Volume 2: Chapters 1 and 2 Summary and Analysis
Last Updated on June 7, 2022, by eNotes Editorial. Word Count: 1561
Tormented by guilt and remorse after Justine’s death, Victor sinks into despair. His father tries to console him, but Victor’s terrible secret prevents him from taking any comfort in Alphonse’s words. After the Frankensteins retire to their country house in Belrive, Victor spends his nights alone on Lake Geneva. He often thinks of drowning himself but is unwilling to abandon his family to the malice of the creature. Victor’s only hope now lies in the thought of avenging William and Justine’s deaths by destroying his creation. Elizabeth, too, has fallen into a state of depression and disillusionment.
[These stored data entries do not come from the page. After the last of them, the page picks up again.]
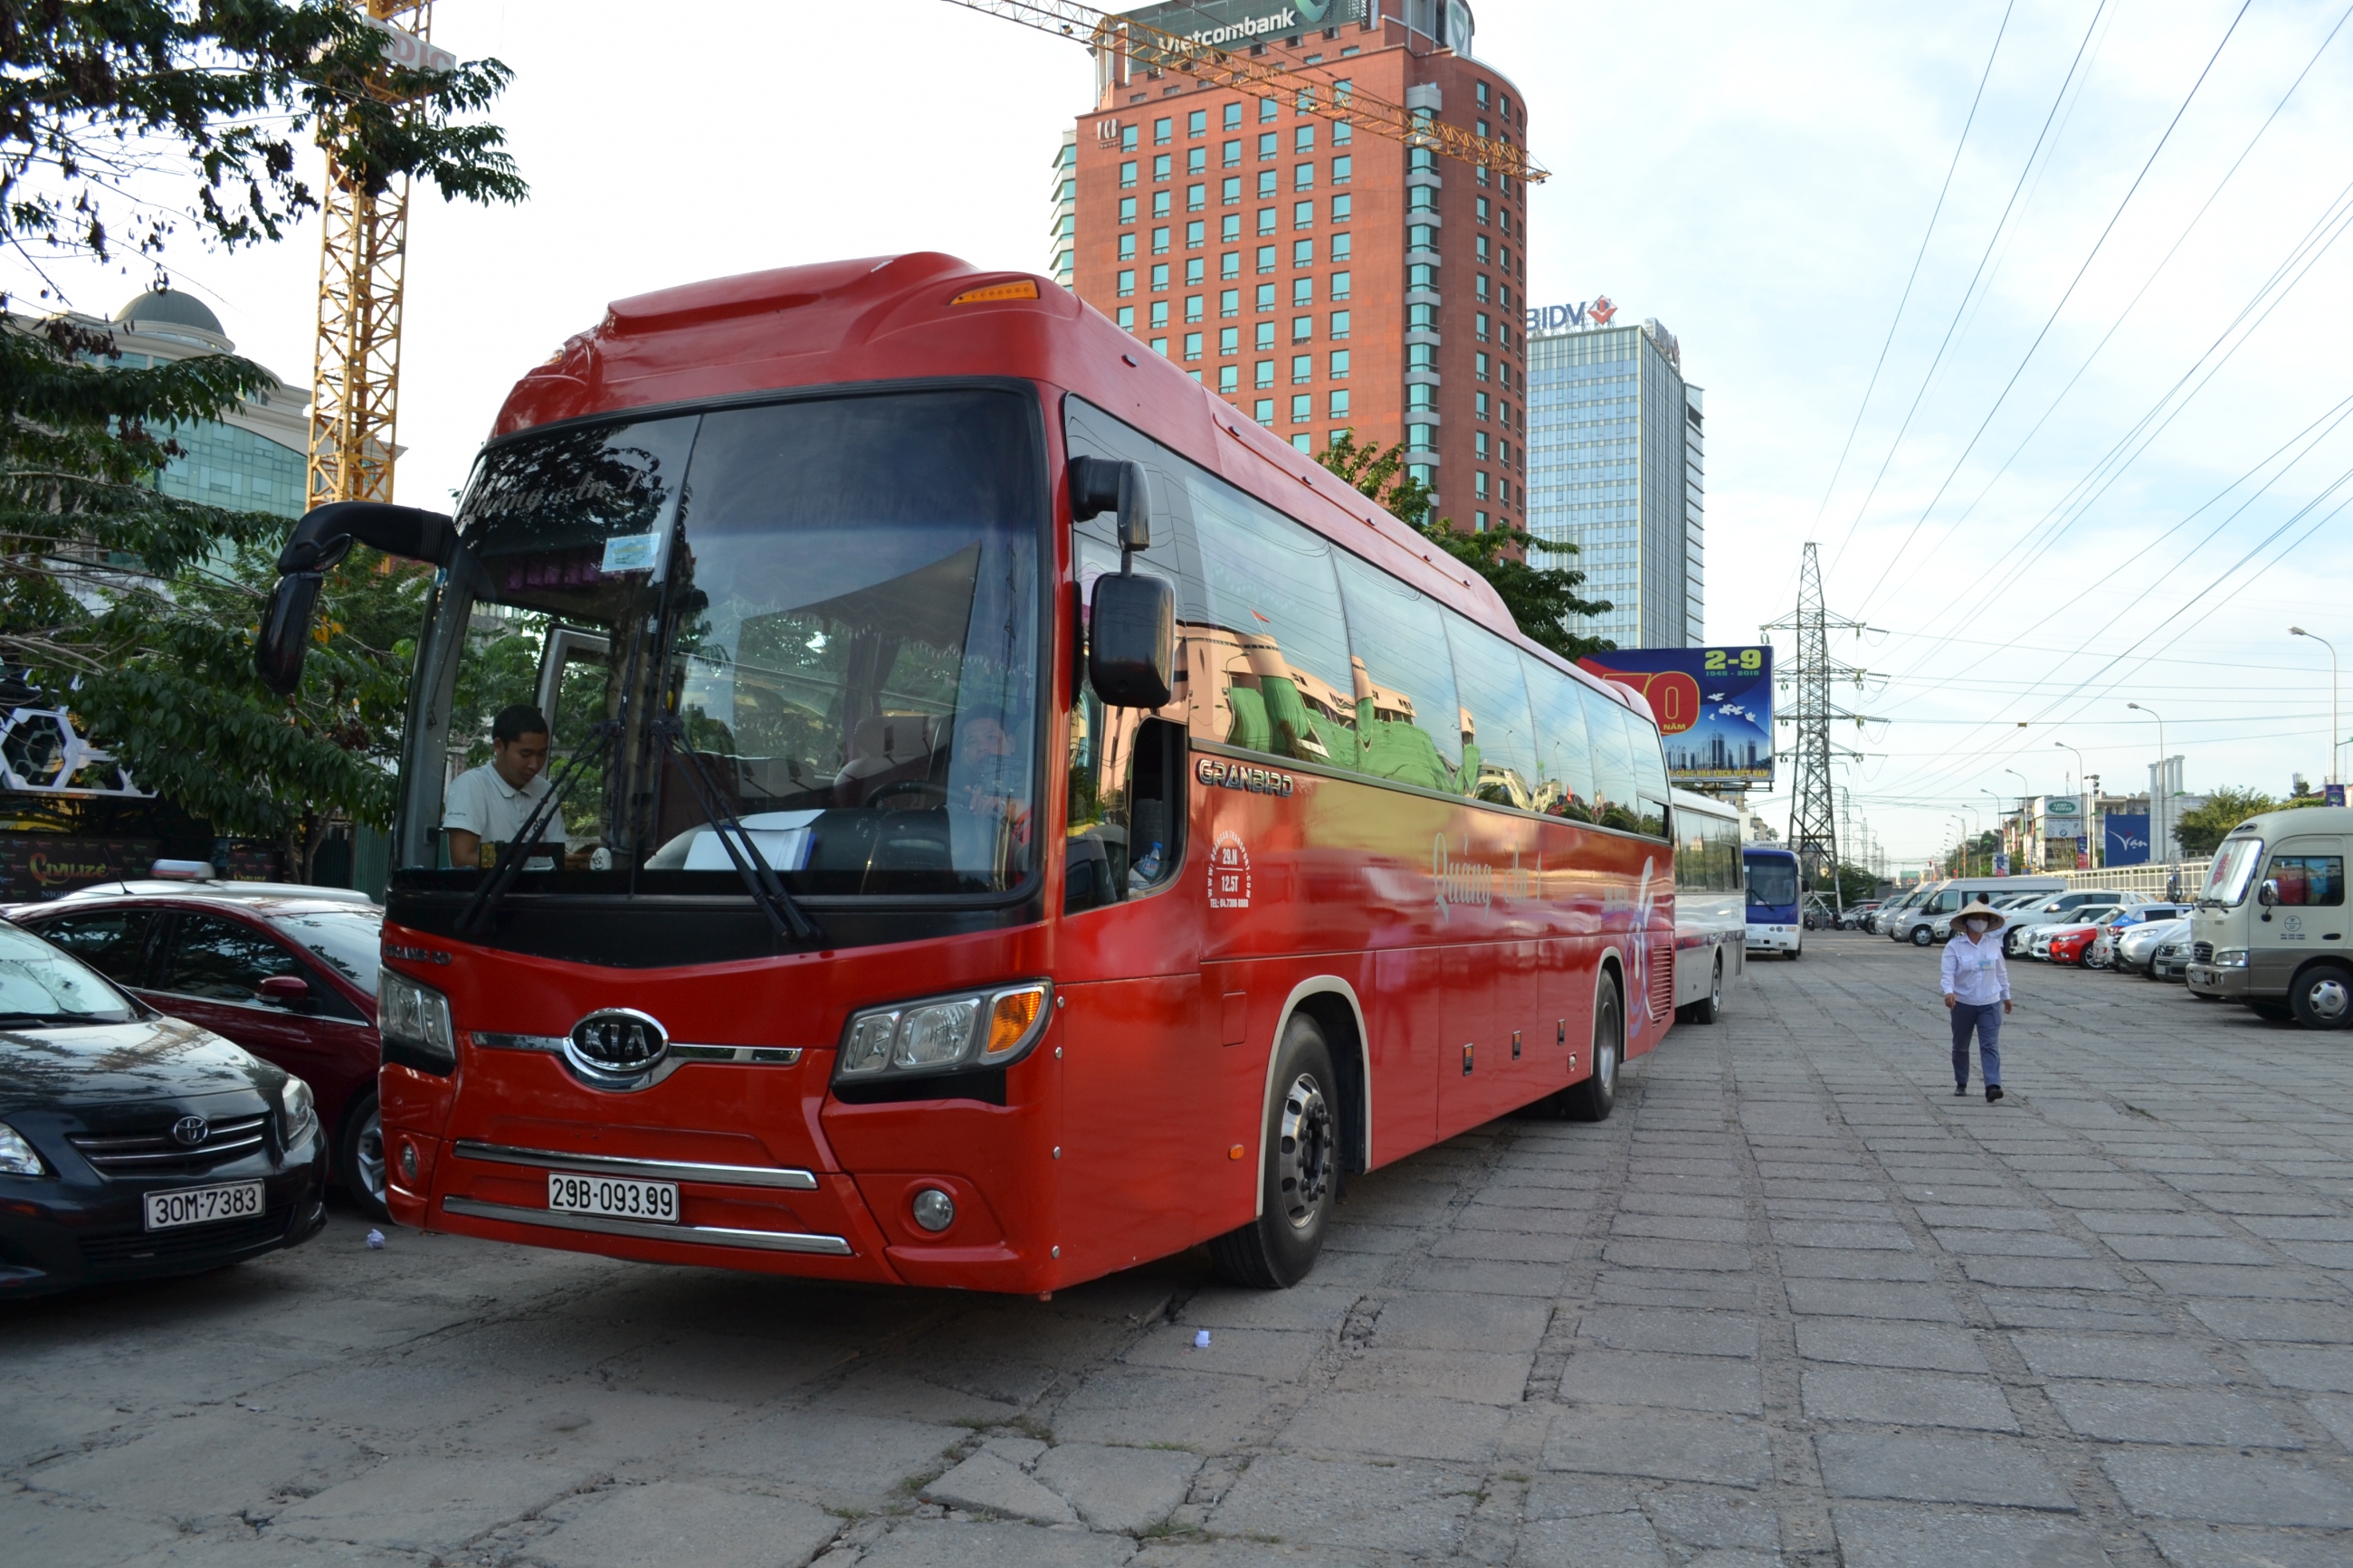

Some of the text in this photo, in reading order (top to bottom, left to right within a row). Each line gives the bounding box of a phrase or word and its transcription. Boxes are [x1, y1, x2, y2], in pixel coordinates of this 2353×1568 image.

[1097, 119, 1117, 140] VCB
[1526, 301, 1587, 331] BIDV
[1704, 649, 1762, 670] 2-9
[1663, 723, 1686, 731] NĂM
[1196, 758, 1294, 798] GRANBIRD
[1752, 769, 1769, 777] NAM
[1222, 848, 1238, 865] 29.N
[1221, 875, 1239, 893] 12.5T
[1210, 898, 1219, 908] TEL:
[585, 1023, 651, 1057] KIA
[551, 1177, 673, 1217] 29B-093.99
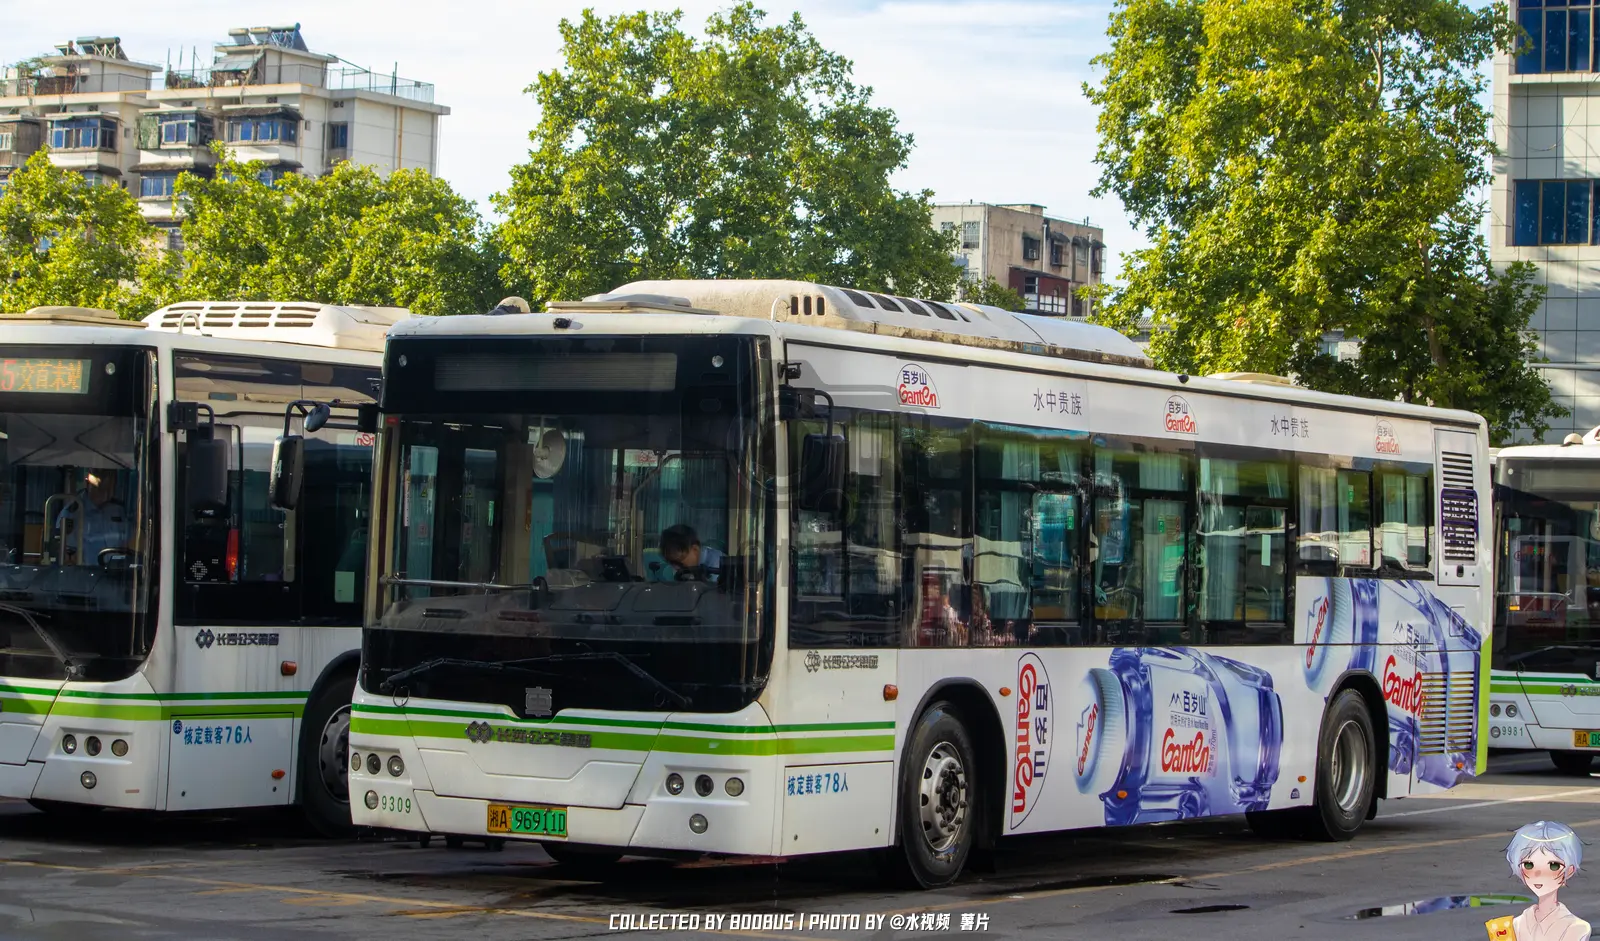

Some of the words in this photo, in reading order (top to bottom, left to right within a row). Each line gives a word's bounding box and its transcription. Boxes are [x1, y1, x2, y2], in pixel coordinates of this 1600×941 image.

Nevertheless, she attempts to comfort Victor and dissuade him from thoughts of revenge. Not even Elizabeth’s kind words, however, can bring Victor comfort, and instead he feels only fear that he might one day lose her.
One August day, Victor impulsively embarks on a journey toward the Alpine valley of Chamonix, hoping to find relief from his torment in the majesty of nature. About two months have passed since Justine’s execution. As he rides through the mountains and into the glacial valley, Victor finds his spirits lifted by the scenery, which he remembers from his childhood. His fear of the creature drops away as he contemplates the impressive scenery, which he regards as evidence of God’s omnipotence. Even so, he is still intermittently gripped by despair. Eventually he reaches the village of Chamonix, where he watches a lightning storm above Mont Blanc from the window of his room at the inn before falling into an exhausted sleep.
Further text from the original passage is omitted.